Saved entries

=== Begin Enclosure ===

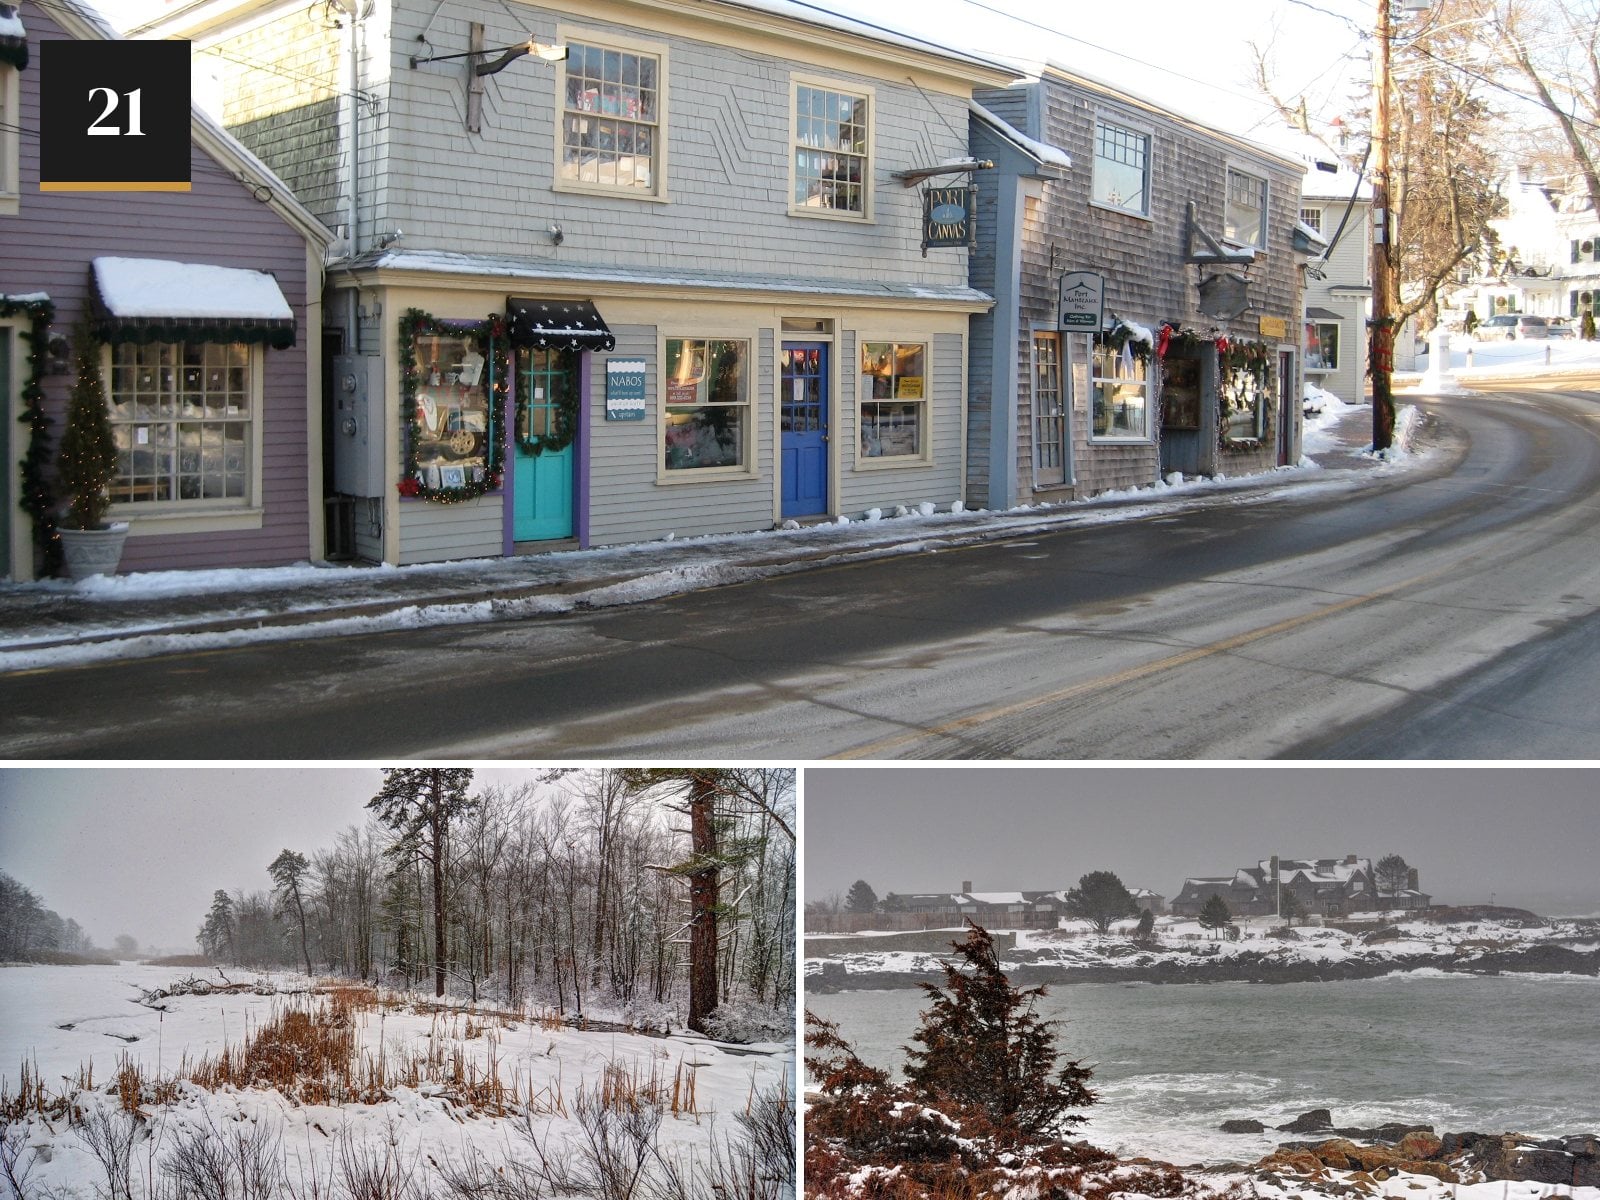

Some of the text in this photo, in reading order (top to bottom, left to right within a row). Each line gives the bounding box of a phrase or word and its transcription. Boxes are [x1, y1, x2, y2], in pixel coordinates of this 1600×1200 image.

[930, 188, 967, 210] PORT
[928, 219, 966, 240] CANVAS
[611, 376, 642, 387] NABOS
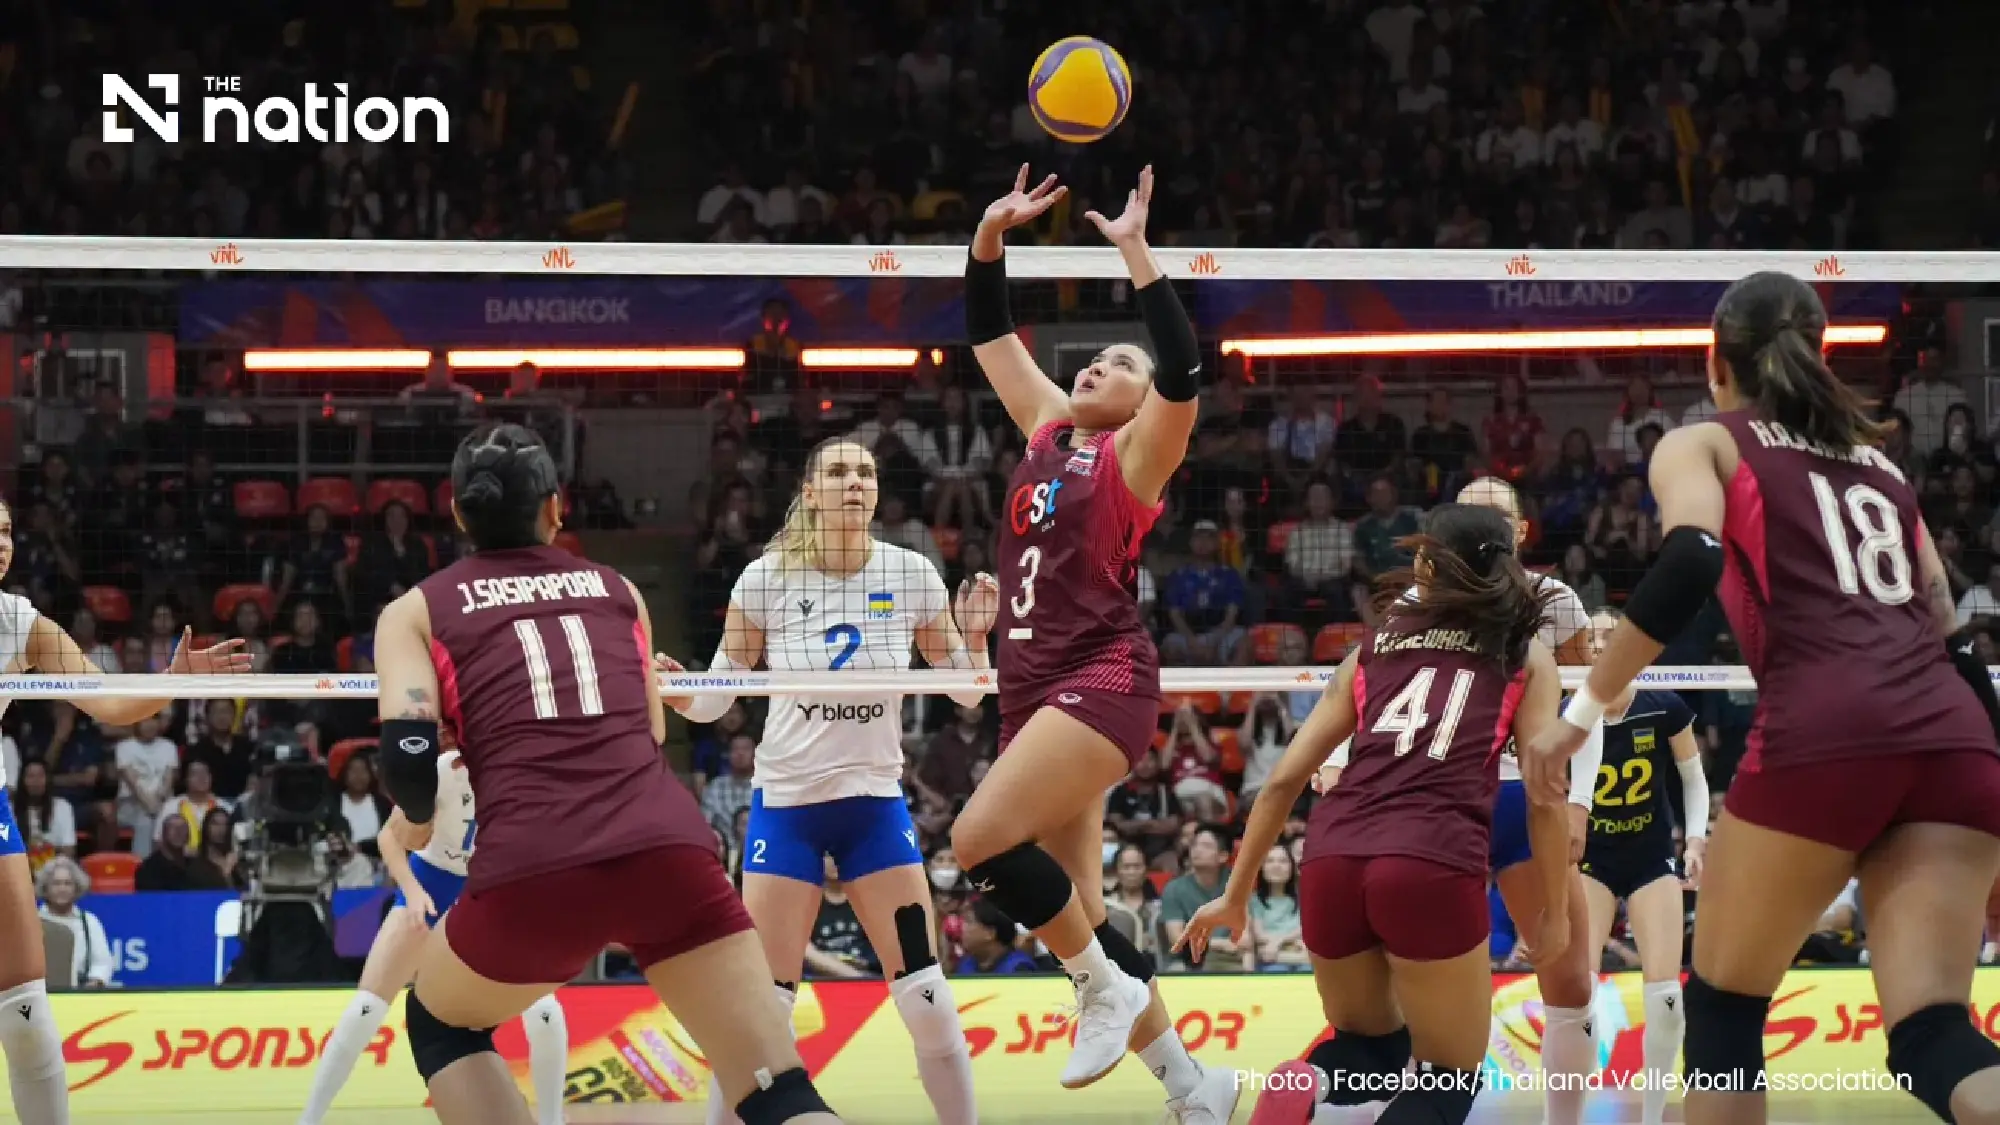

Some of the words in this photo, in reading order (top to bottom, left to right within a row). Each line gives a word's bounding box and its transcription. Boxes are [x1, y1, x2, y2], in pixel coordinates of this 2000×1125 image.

=== End Enclosure ===

INSTRUCTIONS FOR THE TASK |
Take every entry and repeat it verbatim, minus the pictures.

TASK SOLUTION |
Some of the text in this photo, in reading order (top to bottom, left to right within a row). Each line gives the bounding box of a phrase or word and its transcription. Boxes are [x1, y1, x2, y2], in pixel coordinates of this 1600×1200 image.

[930, 188, 967, 210] PORT
[928, 219, 966, 240] CANVAS
[611, 376, 642, 387] NABOS

Some of the words in this photo, in reading order (top to bottom, left to right within a row). Each line gives a word's bounding box and its transcription. Boxes are [x1, y1, x2, y2], in pixel coordinates of this 2000×1125 image.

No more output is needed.